* _Task details_:
An exact copy of every entry is needed, without the pictures.

* _Input records_:
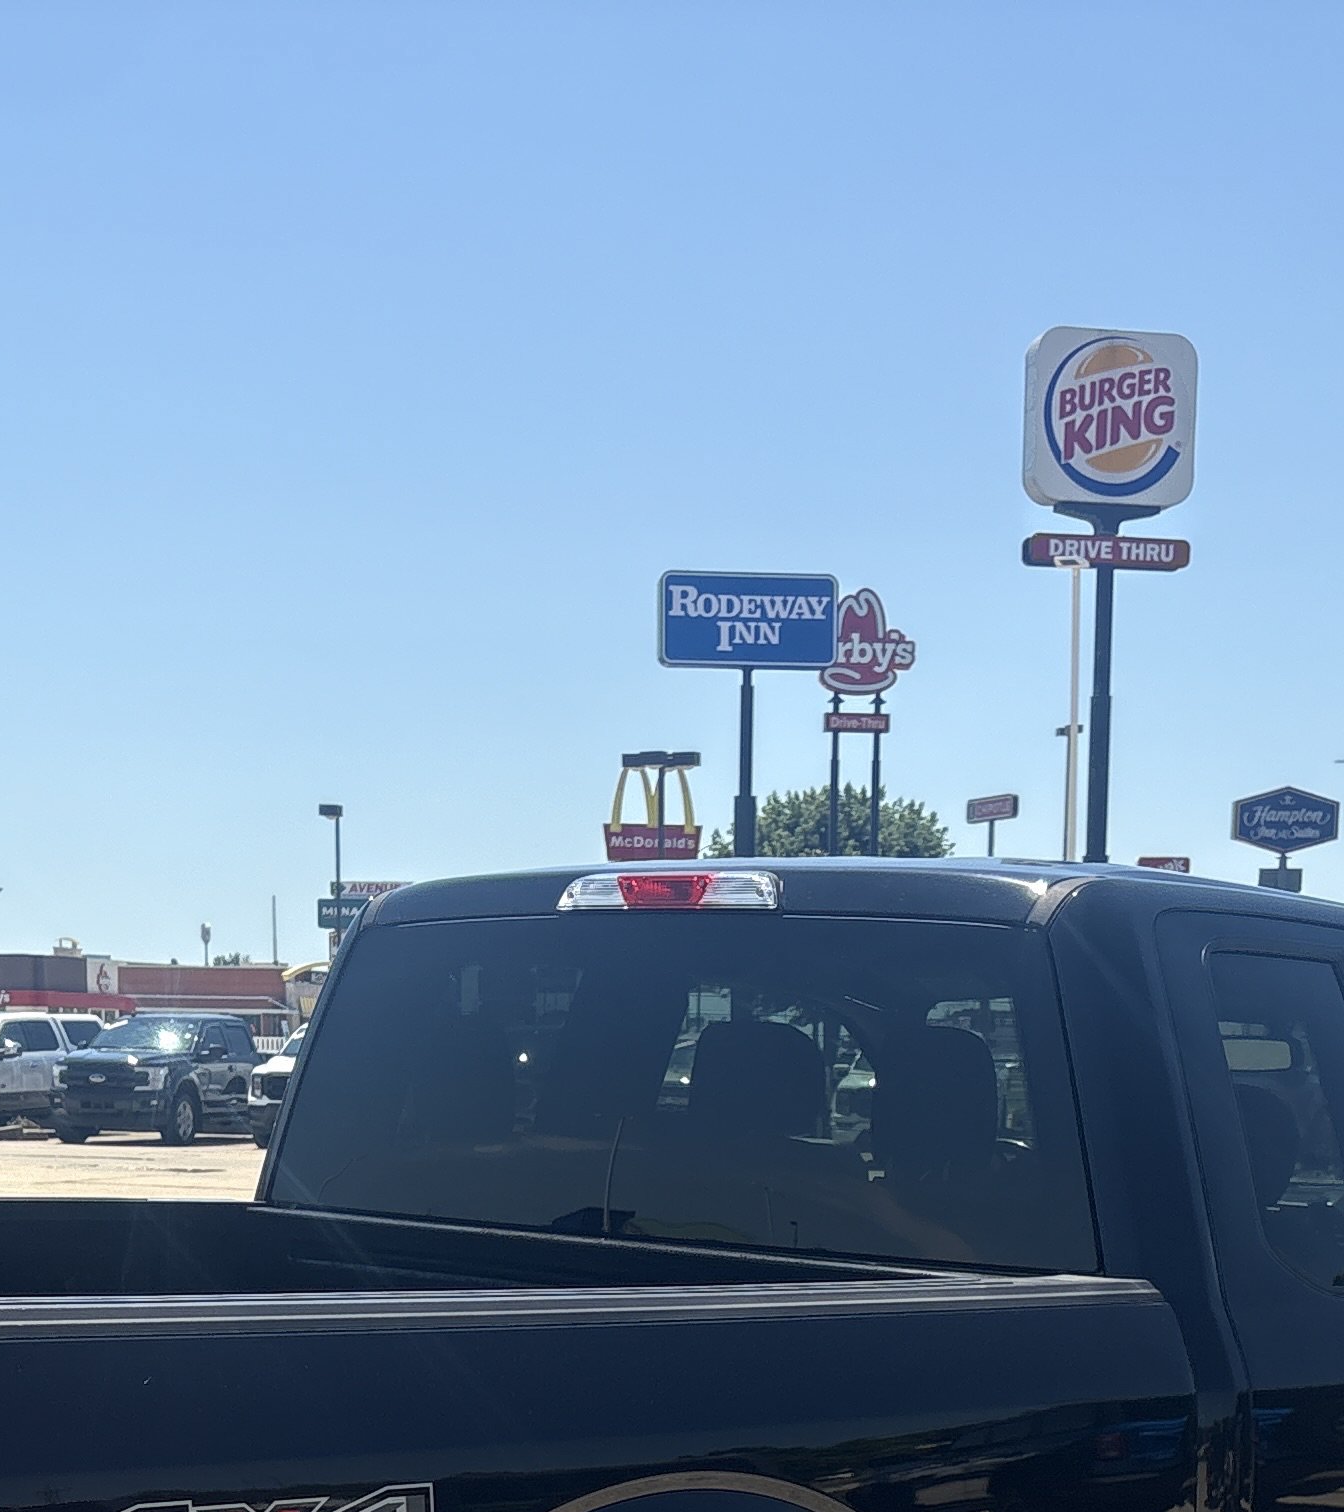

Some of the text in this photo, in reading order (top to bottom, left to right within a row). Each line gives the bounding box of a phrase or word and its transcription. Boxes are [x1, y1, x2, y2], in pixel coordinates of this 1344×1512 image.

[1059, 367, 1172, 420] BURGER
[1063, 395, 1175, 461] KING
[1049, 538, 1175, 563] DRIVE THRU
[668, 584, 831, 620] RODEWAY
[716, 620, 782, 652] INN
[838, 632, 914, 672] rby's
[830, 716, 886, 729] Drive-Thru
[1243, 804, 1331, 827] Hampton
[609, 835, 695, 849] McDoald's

* _Solution_:
Some of the text in this photo, in reading order (top to bottom, left to right within a row). Each line gives the bounding box of a phrase or word and its transcription. Boxes are [x1, y1, x2, y2], in pixel coordinates of this 1344×1512 image.

[1059, 367, 1172, 420] BURGER
[1063, 395, 1175, 461] KING
[1049, 538, 1175, 563] DRIVE THRU
[668, 584, 831, 620] RODEWAY
[716, 620, 782, 652] INN
[838, 632, 914, 672] rby's
[830, 716, 886, 729] Drive-Thru
[1243, 804, 1331, 827] Hampton
[609, 835, 695, 849] McDoald's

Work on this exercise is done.